Big banks settle lawsuit
May 4, 2016The banking heavyweights included in the settlement are Bank of America, JP Morgan, Credit Suisse and Deutsche Bank, as well as Royal Bank of Scotland, Credit Suisse and Citigroup.
They agreed to pay a total of $324 million (281 million euros), with JP Morgan covering the biggest chunk of $52 million to be followed by Deutsche Bank, Bank of America, Credit Suisse and RBS paying $50 million each.
The banks were suspected of agreeing among themselves between 2009 and 2012 to set the daily benchmark rate for interest rate exchange contracts, or swaps.
US District Judge Jesse Furman on Tuesday rejected the banks' motion to dismiss the suit, saying the claims were similar to those made against some of the same banks involving manipulation of the London interbank offered rate, or Libor.
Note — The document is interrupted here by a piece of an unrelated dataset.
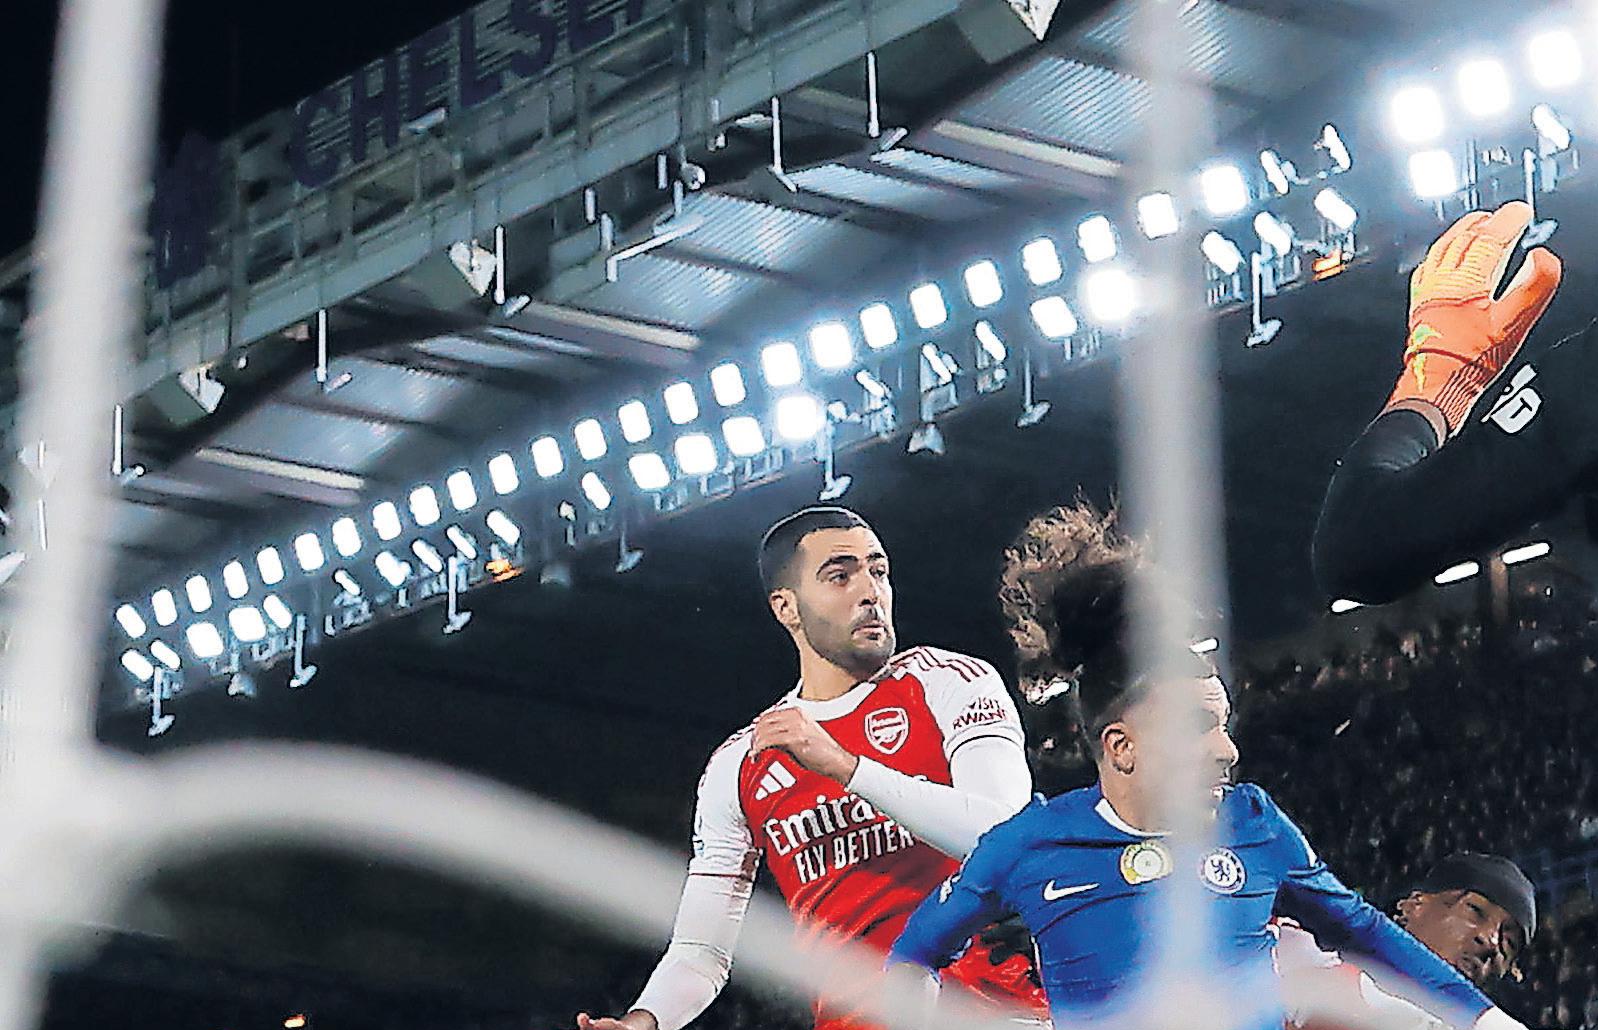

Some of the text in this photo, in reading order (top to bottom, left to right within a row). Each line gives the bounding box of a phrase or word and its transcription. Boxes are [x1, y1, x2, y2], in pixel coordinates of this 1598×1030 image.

"It appears that that sort of rate manipulation can be economically sensible and feasible given that many banks have admitted that in approximately the same period of time, they conspired to fix similar benchmark rates - namely, Libor and the leading benchmark interest rate for the foreign exchange market in order to maximize profits," Furman was quoted as saying by the plaintiffs' lawyers.
The plaintiffs, including financial investors and derivatives traders, charged the banks used to make multiple electronic orders just before setting the rate and delaying other ongoing operations that had been made at different rates.
"We are very pleased that these banks are offering our clients hundreds of millions of dollars in recovery," said David Scott, a lawyer for the plaintiffs.
The settlement covers only seven banks out of a group of 15 financial institutions named in the lawsuit. They include BNP Paribas, Goldman Sachs, HSBC and Morgan Stanley among others.
Scott said the plaintiffs would continue to "vigorously pursue relief from the remaining defendants," for which Tuesday's settlement provided substantial support.